# ACTIVITY
Repeat every entry word for word; omit all pictures.

# RECORDS TO PROCESS

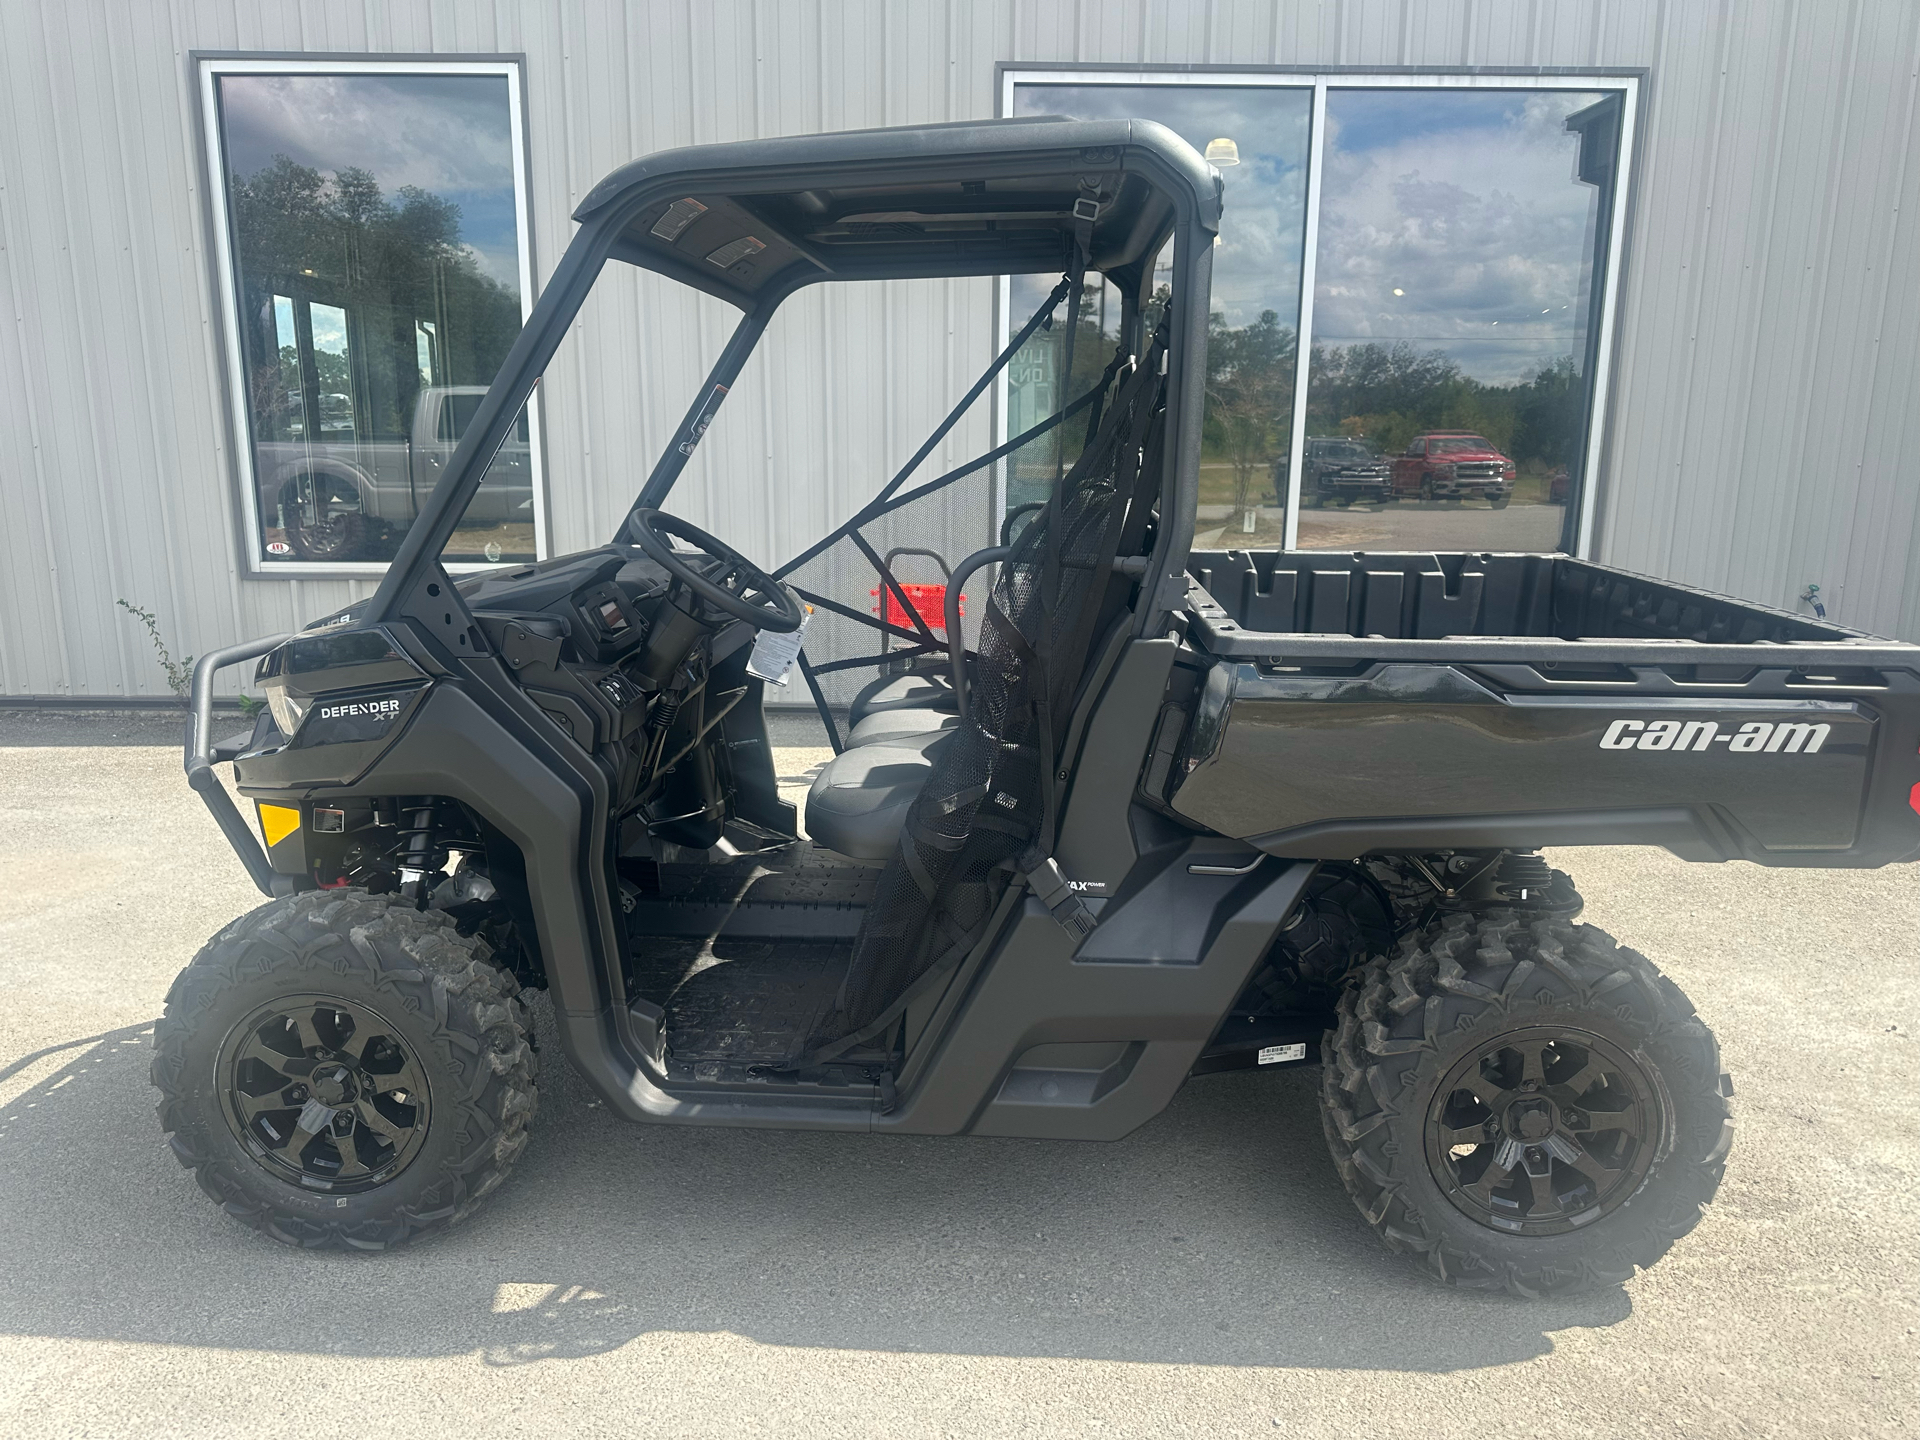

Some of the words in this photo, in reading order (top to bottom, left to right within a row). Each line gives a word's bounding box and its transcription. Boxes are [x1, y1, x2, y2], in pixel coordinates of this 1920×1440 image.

[321, 699, 400, 719] DEFENDER
[372, 711, 400, 722] XT
[1599, 719, 1831, 754] can-am
[1067, 881, 1088, 891] AX
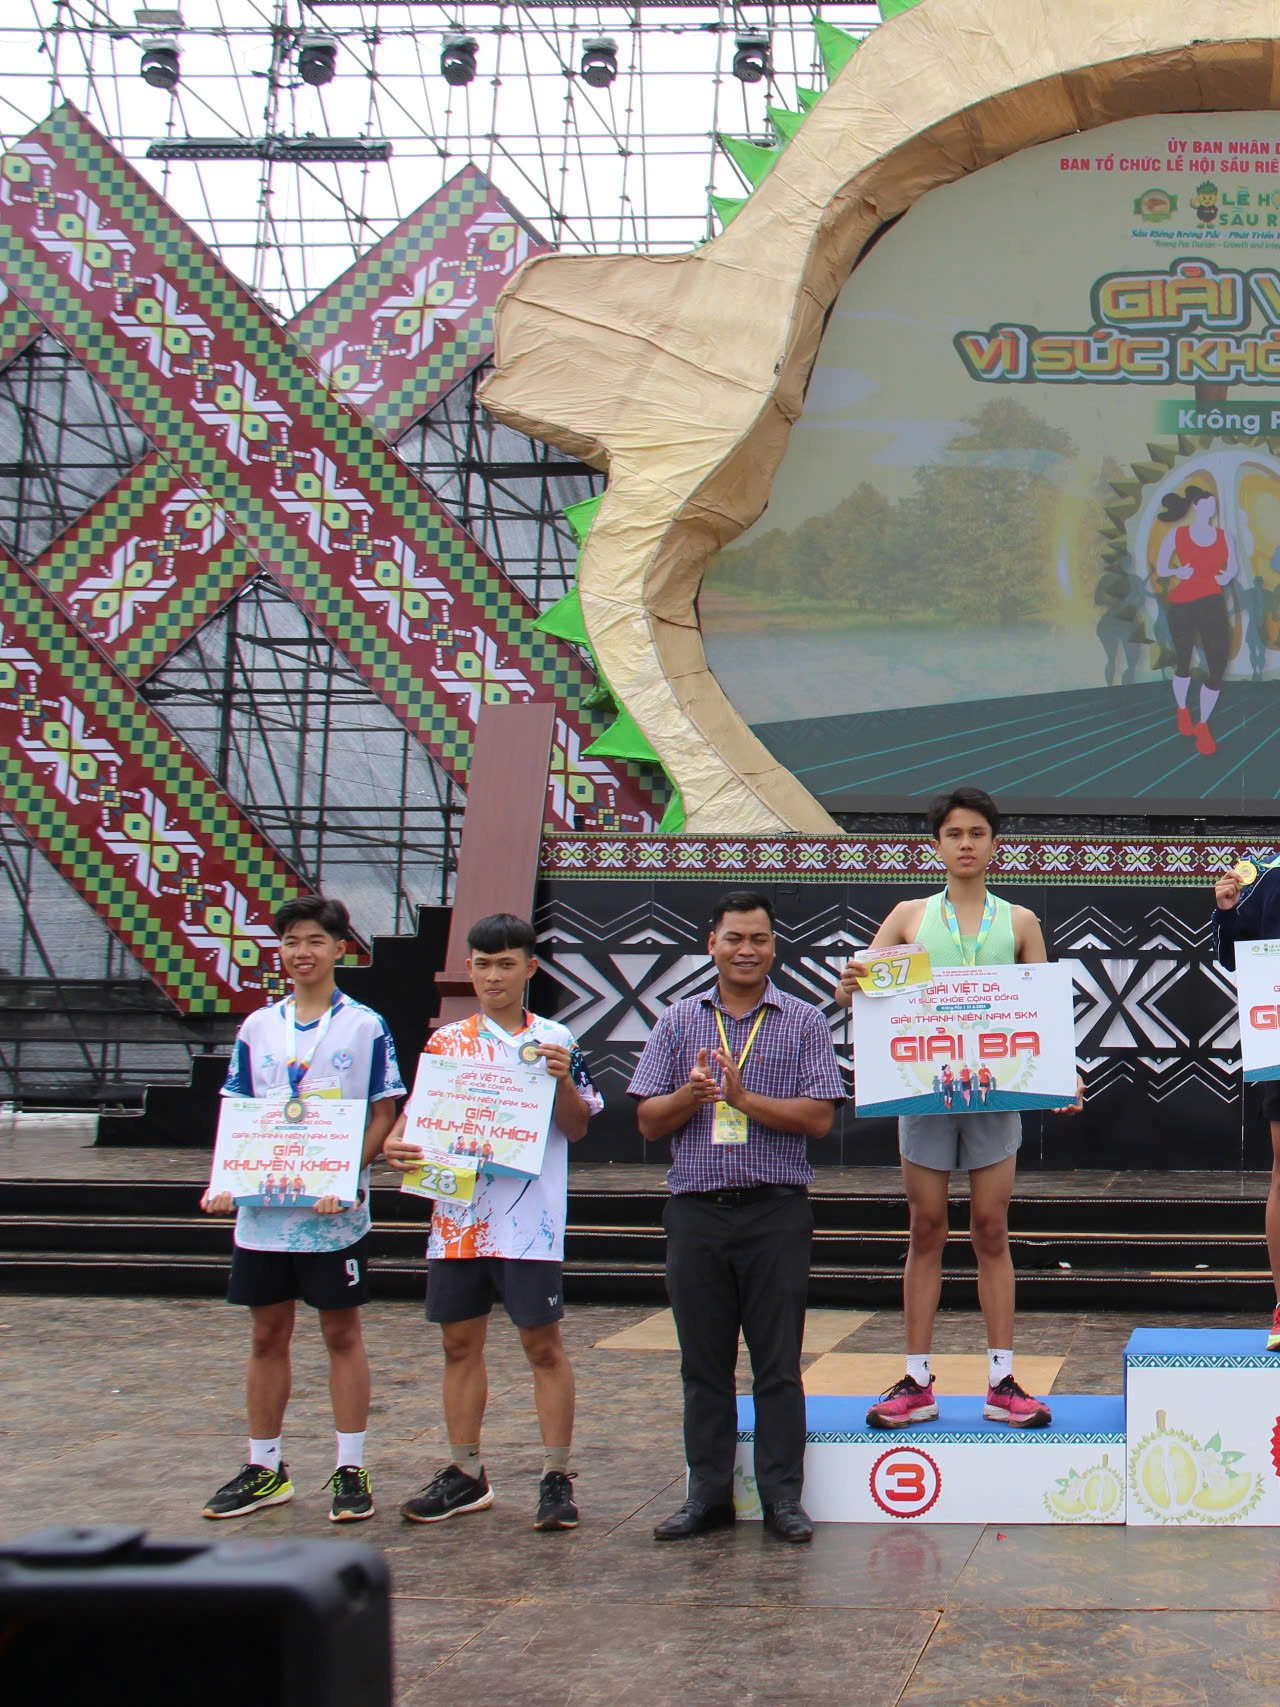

# RESULT OF THE EXERCISE
Some of the words in this photo, in reading order (top to bottom, left to right within a row). Each line gives a word's bounding box and its transcription. Boxes are [x1, y1, x2, y2], in pixel coordinates of this 1920×1440 image.

[321, 699, 400, 719] DEFENDER
[372, 711, 400, 722] XT
[1599, 719, 1831, 754] can-am
[1067, 881, 1088, 891] AX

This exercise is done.